- Country: Australia
- Language: English
- Genre: Fantasy short story

Publication
- Published in: Paper Cities
- Publication type: Anthology
- Publisher: Senses 5 Press
- Media type: Print (paperback)
- Publication date: 2008

= Sammarynda Deep =

Short story by Cat Sparks

"Sammarynda Deep" is a 2008 fantasy short story by Cat Sparks.

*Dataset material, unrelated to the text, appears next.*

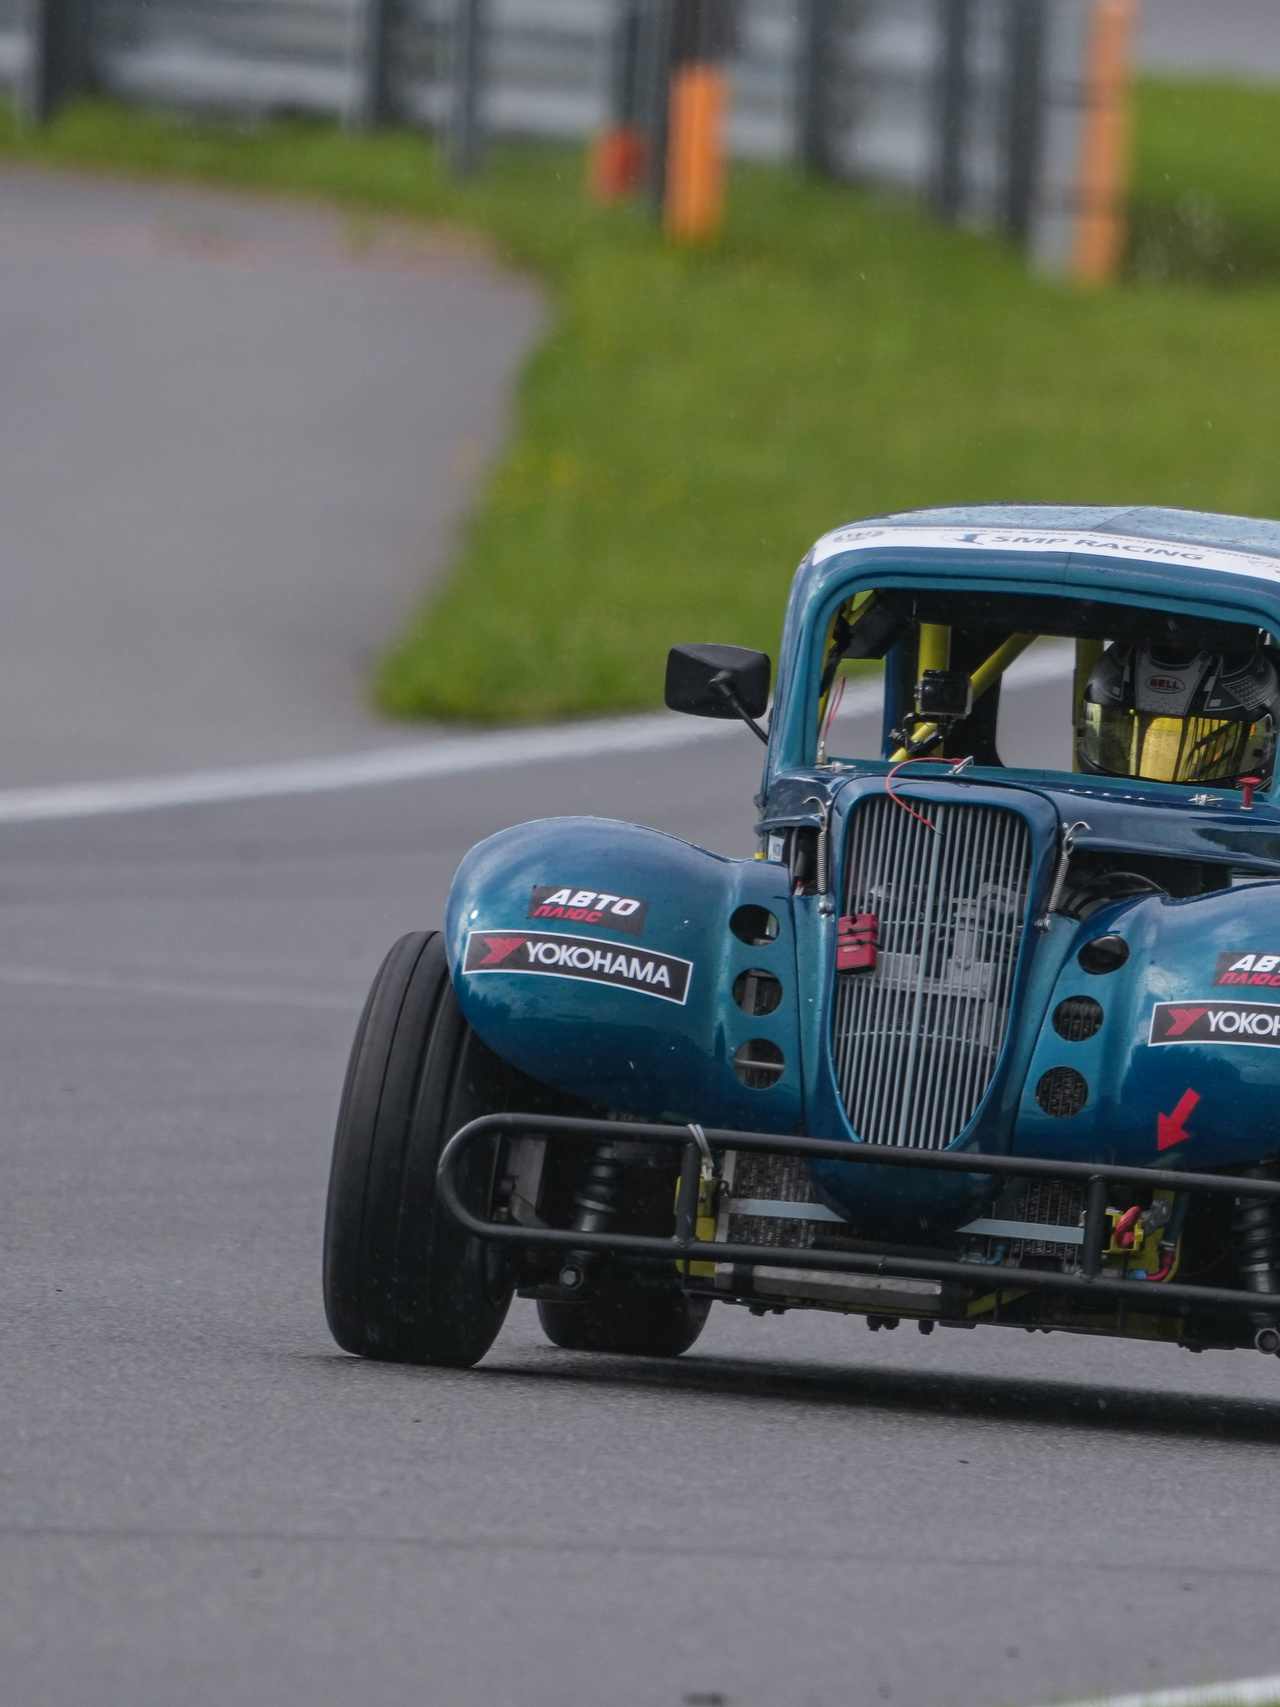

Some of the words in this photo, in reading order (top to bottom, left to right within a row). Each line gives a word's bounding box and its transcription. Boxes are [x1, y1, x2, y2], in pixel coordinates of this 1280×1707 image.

This is the first story in the author's Sammarynda series, being followed by "The Alabaster Child" (2011), "Beyond the Farthrest Shore" (2013), and "The New Chonicles of Andras Thorn" (2014).

==Background==
"Sammarynda Deep" was first published in 2008 in Paper Cities, edited by Ekaterina Sedia and published by Senses 5 Press. It was featured alongside 20 other stories by the authors Forrest Aguirre, Hal Duncan, Richard Parks, Cat Rambo, Jay Lake, Greg van Eekhout, Steve Berman, Stephanie Campisi, Mark Teppo, Paul Meloy, Vylar Kaftan, Michael Jasper, Ben Peek, Kaaron Warren, Darin C. Bradley, Jenn Reese, David J. Schwartz, Anna Tambour, Barth Anderson, and Catherynne M. Valente.

==Awards==
"Sammarynda Deep" won the 2008 Aurealis Award for best fantasy short story and was a short-list nominee for 2009 Ditmar Award for best short story but lost to Margo Lanagan's "The Goosle".